April 19th: Bio-media

The primary focus of Eugene Thacker’s article “What is Bio-media” is that biological computation would not be possible without the influence of the computer, this means that there are similarities present in “between genetic ‘codes’ and computer ‘codes’” or “biological and digital domains.” The “goal” of bio-media is not simply the use of computer technology between genetic and computer “codes” can facilitate a qualitatively differ notion of biological. The authors of the article “BioMedia for Entertainment” experimented with plant life to somewhat simulate the human body. The plants were put through a series of experiments to demonstrate how different environmental stimuli could affect the plant’s health, which in term demonstrated how the stimuli would affect the human body. In one case, they placed plants in a room; in this room there were sometimes smokers and sometimes not.

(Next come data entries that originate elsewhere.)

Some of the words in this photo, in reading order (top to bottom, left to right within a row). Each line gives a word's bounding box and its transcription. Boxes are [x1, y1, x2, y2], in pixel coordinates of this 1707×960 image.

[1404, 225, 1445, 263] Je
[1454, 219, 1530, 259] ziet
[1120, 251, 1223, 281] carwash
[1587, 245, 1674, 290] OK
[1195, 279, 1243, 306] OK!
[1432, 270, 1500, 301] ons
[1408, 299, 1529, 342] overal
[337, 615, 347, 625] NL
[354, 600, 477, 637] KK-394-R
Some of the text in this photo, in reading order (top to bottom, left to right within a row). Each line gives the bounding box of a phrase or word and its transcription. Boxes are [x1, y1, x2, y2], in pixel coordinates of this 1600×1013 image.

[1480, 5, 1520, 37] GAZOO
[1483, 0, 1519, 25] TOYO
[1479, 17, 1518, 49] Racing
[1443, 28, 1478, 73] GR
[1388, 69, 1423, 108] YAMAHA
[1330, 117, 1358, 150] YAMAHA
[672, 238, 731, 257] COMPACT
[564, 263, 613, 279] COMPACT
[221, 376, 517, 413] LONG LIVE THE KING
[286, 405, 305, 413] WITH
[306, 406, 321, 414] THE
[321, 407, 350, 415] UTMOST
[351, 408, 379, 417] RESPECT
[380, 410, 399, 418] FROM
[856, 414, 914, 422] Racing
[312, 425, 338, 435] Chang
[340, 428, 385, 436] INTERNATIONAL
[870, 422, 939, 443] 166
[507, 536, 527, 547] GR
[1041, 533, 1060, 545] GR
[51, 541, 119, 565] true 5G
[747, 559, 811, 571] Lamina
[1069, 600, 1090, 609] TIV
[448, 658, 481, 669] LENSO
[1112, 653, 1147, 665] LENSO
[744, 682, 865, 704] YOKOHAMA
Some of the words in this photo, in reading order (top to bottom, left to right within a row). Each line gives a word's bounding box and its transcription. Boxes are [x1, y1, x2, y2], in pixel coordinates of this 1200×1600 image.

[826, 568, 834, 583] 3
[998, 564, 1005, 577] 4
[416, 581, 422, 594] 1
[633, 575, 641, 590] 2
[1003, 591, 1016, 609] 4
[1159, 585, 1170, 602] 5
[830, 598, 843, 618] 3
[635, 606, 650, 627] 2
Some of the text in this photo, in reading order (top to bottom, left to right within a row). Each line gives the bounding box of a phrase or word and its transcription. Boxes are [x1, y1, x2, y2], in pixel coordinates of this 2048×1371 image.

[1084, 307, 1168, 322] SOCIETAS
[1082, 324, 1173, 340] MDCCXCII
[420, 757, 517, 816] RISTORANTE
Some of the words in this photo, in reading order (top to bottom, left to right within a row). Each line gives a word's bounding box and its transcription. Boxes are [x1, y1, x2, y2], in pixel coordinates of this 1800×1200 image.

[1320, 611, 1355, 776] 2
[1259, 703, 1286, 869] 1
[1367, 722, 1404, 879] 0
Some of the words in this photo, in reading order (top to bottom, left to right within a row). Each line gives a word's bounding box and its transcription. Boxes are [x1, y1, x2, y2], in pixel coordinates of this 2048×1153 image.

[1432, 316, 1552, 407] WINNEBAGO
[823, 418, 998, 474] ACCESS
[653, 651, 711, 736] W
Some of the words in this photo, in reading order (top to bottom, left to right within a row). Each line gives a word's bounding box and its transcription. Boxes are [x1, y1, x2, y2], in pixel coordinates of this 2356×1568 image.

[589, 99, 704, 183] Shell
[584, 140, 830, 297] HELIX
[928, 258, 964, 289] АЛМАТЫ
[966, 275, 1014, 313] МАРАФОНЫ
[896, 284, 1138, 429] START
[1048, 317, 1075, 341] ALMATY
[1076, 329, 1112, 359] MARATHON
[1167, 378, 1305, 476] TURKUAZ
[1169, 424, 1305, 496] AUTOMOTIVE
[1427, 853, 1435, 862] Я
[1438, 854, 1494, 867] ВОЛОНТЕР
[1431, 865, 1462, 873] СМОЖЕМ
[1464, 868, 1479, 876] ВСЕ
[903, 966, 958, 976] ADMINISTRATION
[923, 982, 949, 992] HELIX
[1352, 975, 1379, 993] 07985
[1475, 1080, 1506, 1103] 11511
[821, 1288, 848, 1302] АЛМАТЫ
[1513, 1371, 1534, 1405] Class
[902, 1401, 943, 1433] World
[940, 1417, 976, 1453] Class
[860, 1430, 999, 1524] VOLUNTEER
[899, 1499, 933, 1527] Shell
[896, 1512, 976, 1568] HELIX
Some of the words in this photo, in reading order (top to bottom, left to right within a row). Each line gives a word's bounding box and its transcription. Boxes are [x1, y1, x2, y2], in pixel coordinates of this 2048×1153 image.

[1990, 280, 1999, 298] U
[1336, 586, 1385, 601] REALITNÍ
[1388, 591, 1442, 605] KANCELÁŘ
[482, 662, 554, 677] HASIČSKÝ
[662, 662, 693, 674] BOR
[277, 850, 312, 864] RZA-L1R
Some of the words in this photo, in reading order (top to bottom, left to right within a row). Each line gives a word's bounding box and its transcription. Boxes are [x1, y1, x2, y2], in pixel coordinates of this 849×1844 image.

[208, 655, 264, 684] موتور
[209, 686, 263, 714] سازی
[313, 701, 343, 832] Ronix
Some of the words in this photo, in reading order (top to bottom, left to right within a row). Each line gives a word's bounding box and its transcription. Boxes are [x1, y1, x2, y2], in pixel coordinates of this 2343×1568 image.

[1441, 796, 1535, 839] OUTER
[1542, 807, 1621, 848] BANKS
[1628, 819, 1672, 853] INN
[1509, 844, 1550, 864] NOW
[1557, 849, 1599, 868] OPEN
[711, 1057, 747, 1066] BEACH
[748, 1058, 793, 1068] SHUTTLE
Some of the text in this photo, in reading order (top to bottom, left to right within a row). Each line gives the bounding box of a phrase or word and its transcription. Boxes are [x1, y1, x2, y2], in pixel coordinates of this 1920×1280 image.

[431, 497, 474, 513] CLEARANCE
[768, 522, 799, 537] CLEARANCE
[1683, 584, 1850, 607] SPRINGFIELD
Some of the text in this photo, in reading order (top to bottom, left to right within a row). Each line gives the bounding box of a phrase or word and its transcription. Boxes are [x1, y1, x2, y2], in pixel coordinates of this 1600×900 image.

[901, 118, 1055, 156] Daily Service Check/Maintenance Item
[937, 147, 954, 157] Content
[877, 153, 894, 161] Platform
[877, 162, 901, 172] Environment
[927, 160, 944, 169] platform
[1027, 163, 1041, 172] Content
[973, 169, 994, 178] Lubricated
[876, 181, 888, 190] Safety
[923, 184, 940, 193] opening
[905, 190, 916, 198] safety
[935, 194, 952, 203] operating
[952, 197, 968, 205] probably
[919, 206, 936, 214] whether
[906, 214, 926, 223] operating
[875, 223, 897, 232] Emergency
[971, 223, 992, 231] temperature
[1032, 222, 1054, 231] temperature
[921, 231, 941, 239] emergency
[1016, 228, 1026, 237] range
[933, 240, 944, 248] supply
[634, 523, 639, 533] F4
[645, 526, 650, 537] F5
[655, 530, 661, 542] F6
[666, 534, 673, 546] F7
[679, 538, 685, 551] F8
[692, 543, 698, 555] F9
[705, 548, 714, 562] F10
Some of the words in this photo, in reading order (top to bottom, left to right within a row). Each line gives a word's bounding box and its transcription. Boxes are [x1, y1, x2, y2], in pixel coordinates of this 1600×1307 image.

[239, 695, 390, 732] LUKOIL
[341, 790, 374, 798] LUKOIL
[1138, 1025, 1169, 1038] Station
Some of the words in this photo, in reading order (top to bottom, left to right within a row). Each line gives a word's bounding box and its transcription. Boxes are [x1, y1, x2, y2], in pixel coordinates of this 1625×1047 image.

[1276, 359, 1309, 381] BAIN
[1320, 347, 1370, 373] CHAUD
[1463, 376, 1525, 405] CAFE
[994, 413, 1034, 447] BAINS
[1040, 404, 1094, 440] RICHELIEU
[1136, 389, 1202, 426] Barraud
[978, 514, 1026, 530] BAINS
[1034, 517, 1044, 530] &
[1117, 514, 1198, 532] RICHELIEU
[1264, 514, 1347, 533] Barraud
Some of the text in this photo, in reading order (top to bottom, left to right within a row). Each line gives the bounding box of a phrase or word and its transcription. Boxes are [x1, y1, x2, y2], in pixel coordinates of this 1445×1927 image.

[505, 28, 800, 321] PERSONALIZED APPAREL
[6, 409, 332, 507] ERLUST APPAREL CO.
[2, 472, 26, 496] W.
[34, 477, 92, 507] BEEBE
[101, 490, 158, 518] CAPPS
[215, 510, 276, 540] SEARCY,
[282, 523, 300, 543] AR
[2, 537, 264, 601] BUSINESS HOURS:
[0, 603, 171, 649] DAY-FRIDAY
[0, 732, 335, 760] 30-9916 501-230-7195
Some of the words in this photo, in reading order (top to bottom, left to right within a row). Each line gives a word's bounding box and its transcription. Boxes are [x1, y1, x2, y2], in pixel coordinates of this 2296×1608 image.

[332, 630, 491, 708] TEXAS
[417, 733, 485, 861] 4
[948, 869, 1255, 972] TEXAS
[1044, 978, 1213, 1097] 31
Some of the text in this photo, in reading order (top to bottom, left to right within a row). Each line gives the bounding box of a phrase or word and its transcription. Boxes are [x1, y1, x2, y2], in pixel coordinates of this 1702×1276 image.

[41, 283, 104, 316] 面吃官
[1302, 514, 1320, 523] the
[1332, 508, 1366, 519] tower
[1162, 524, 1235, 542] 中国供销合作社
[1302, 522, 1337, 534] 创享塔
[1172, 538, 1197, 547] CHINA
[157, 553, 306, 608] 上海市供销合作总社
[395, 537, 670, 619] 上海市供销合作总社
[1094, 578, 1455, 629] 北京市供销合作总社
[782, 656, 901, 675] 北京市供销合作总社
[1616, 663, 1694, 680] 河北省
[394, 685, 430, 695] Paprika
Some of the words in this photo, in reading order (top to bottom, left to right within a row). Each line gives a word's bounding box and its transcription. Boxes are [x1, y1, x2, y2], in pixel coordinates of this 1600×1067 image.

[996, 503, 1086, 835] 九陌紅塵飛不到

When the smokers were in the room, the plants were greatly affected negatively, and when the smokers were gone the plants were fine. Prior to reading the Thacker article, I didn’t necessarily divide bio-media into aspects of “computation” and “biology”, though this is also not how the author defined bio-media. While I understood that media technology is heavily involved in bio-media, I was unaware of the terms “wet lab” and “dry lab”, where dry lab refers to experiments done primarily through the computer and Web. I did, however, enjoy the concepts behind the plant experiments discussed in “BioMedia for Entertainment”. Using plants as a way to demonstrate how certain things can affect the human body seems safer and more productive than using actual human bodies.